[Data entries]
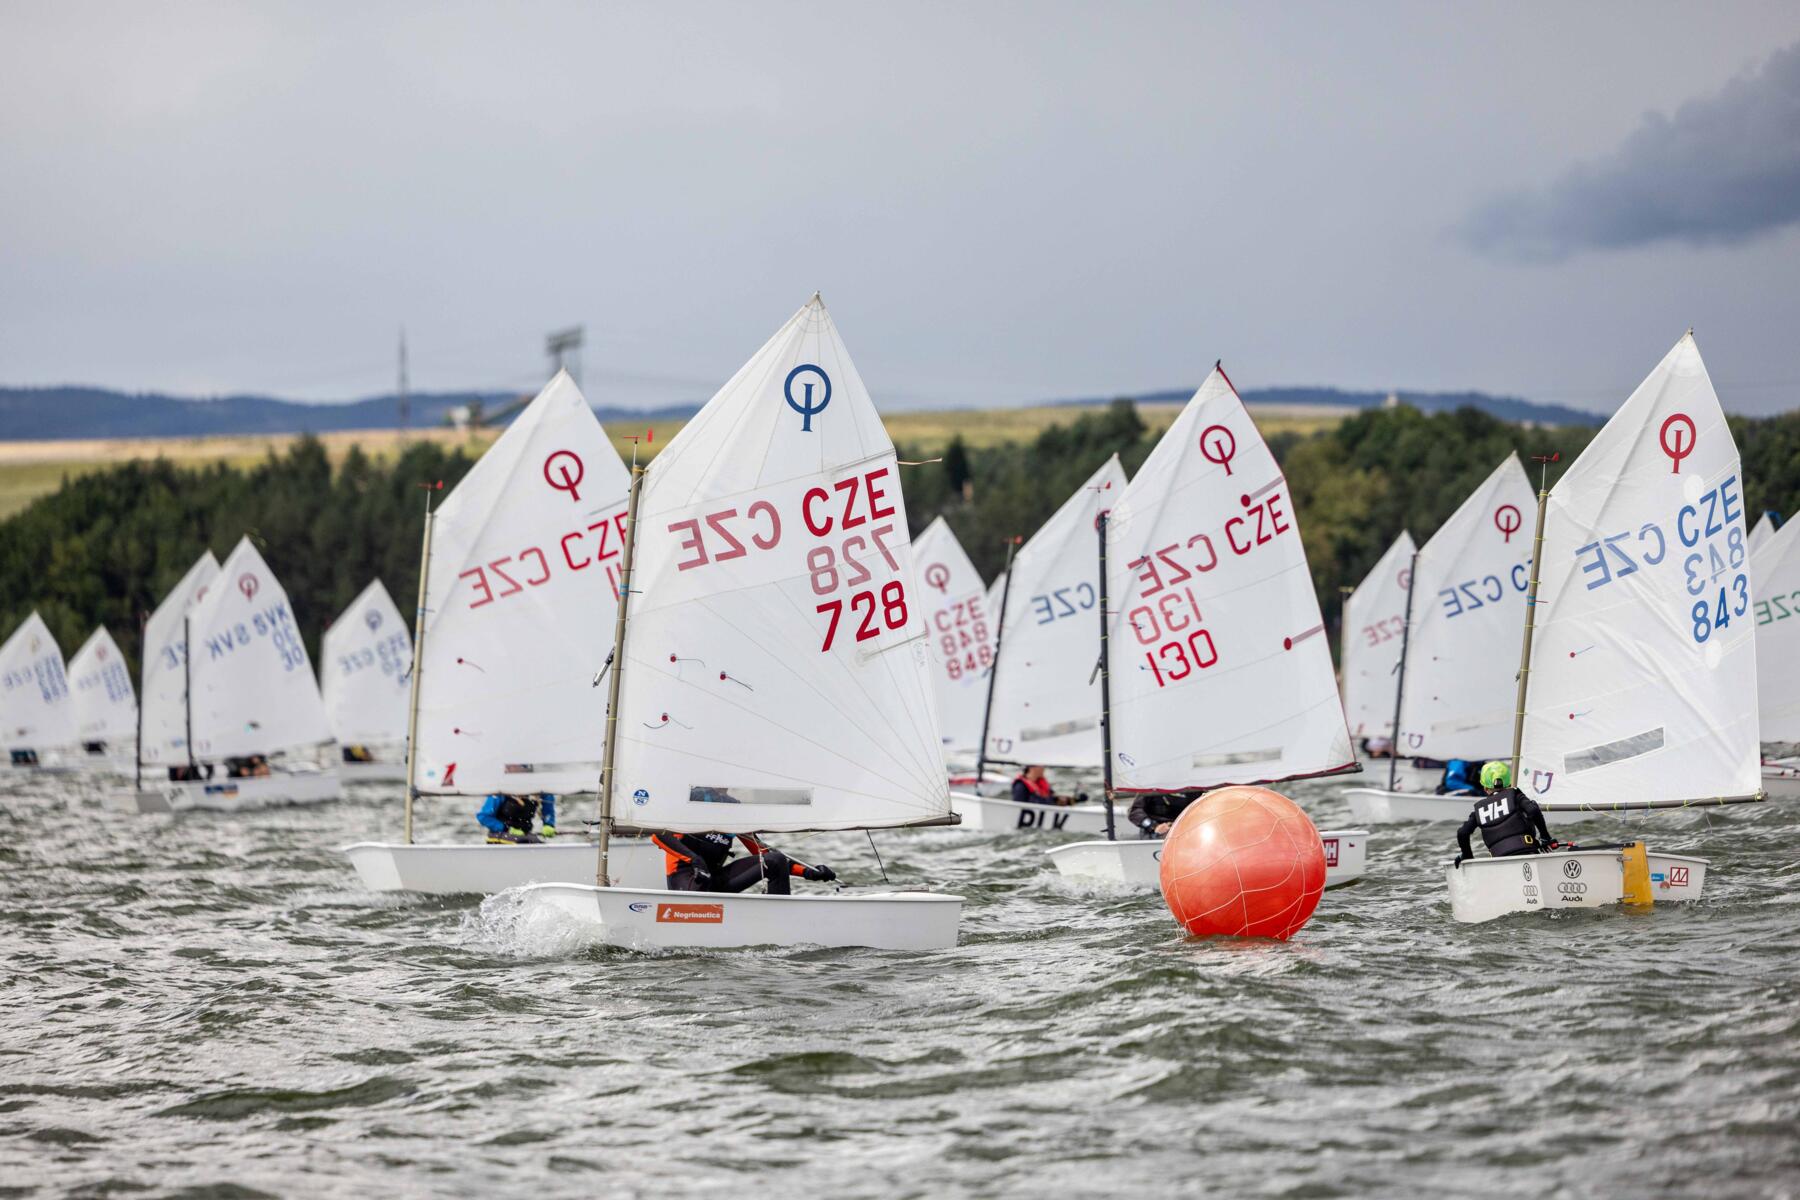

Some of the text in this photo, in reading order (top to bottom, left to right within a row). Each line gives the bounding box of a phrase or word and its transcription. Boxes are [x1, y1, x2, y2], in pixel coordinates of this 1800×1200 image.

[802, 467, 896, 537] CZE
[1225, 493, 1290, 555] CZE
[1677, 475, 1742, 547] CZE
[815, 580, 909, 652] 728
[934, 595, 985, 633] CZE
[1691, 573, 1748, 643] 843
[946, 644, 993, 681] 848
[1145, 629, 1219, 688] 130
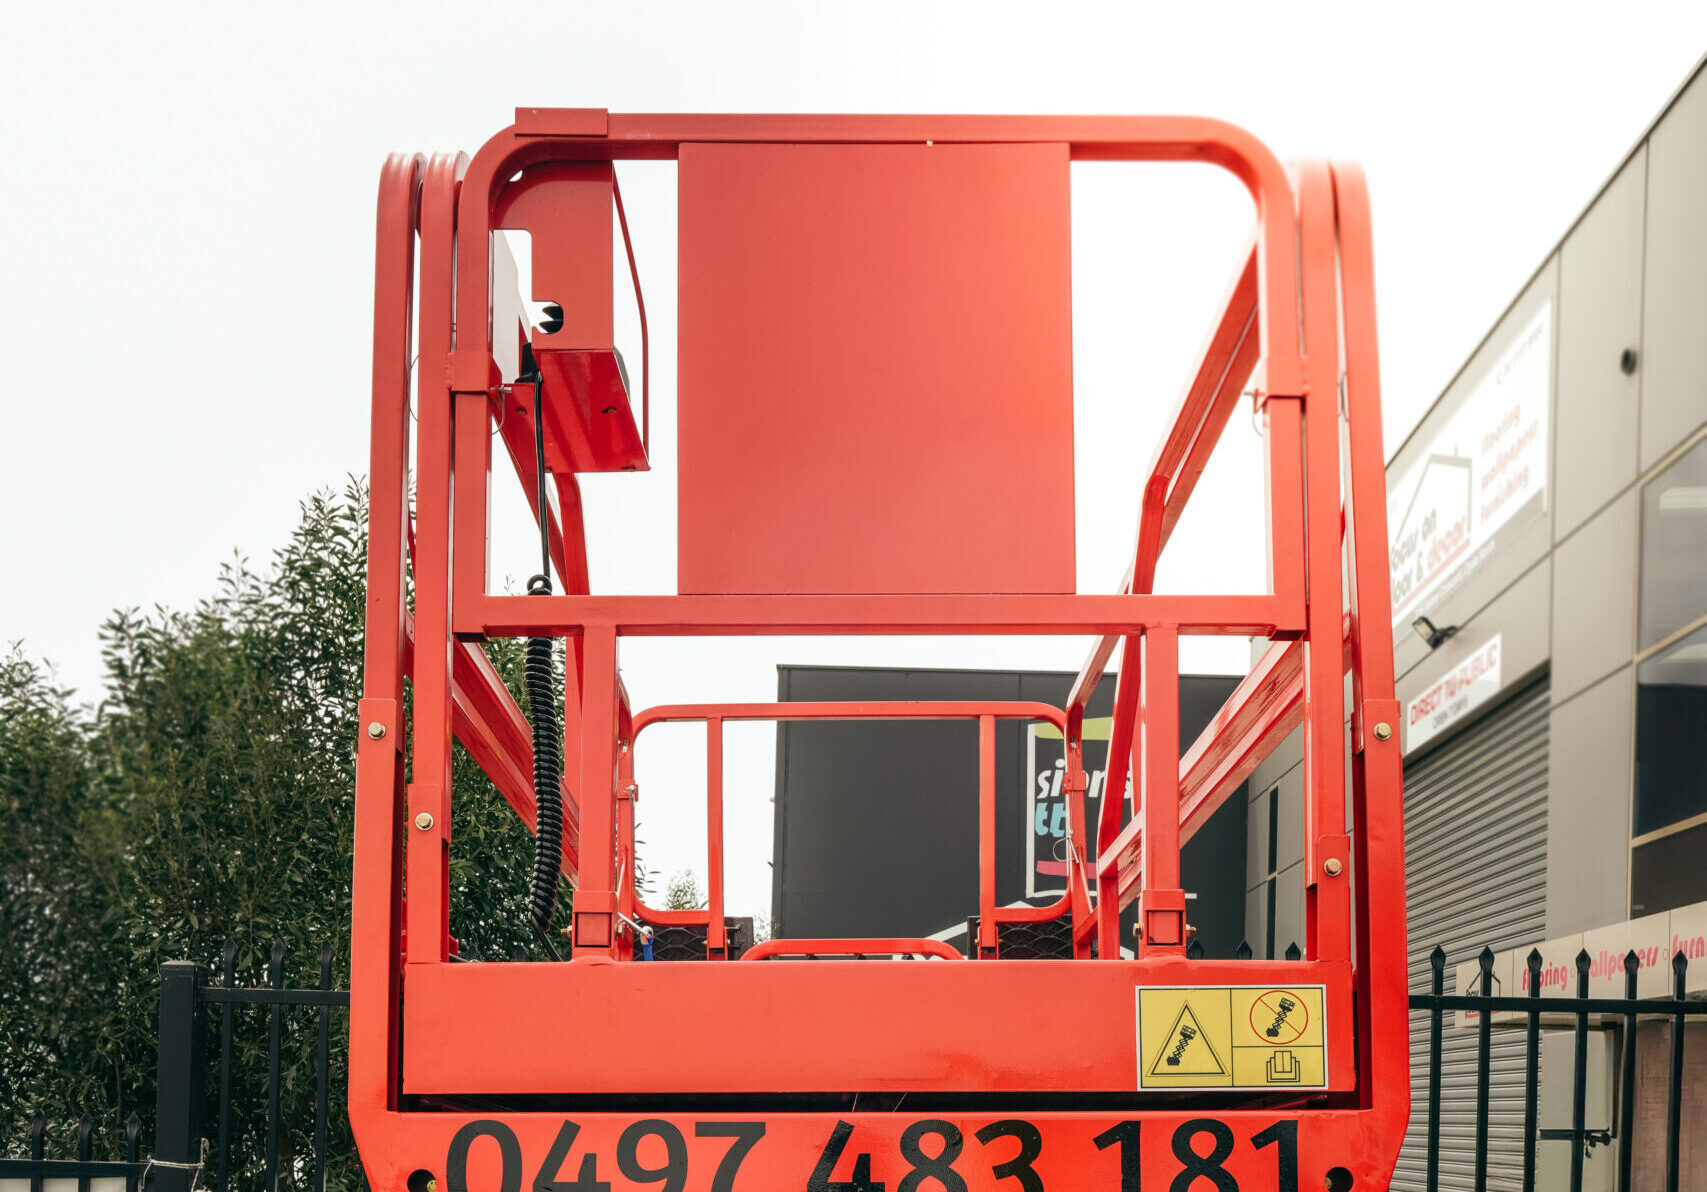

**Your task:**
Copy the records exactly. Skip the images.

**Written response:**
Some of the text in this photo, in reading order (top to bottom, left to right within a row). Each line gives the bounding box of a phrase or word and its transcription. Boxes are [x1, y1, x2, y2], in pixel coordinates of this 1800×1200 image.

[802, 467, 896, 537] CZE
[1225, 493, 1290, 555] CZE
[1677, 475, 1742, 547] CZE
[815, 580, 909, 652] 728
[934, 595, 985, 633] CZE
[1691, 573, 1748, 643] 843
[946, 644, 993, 681] 848
[1145, 629, 1219, 688] 130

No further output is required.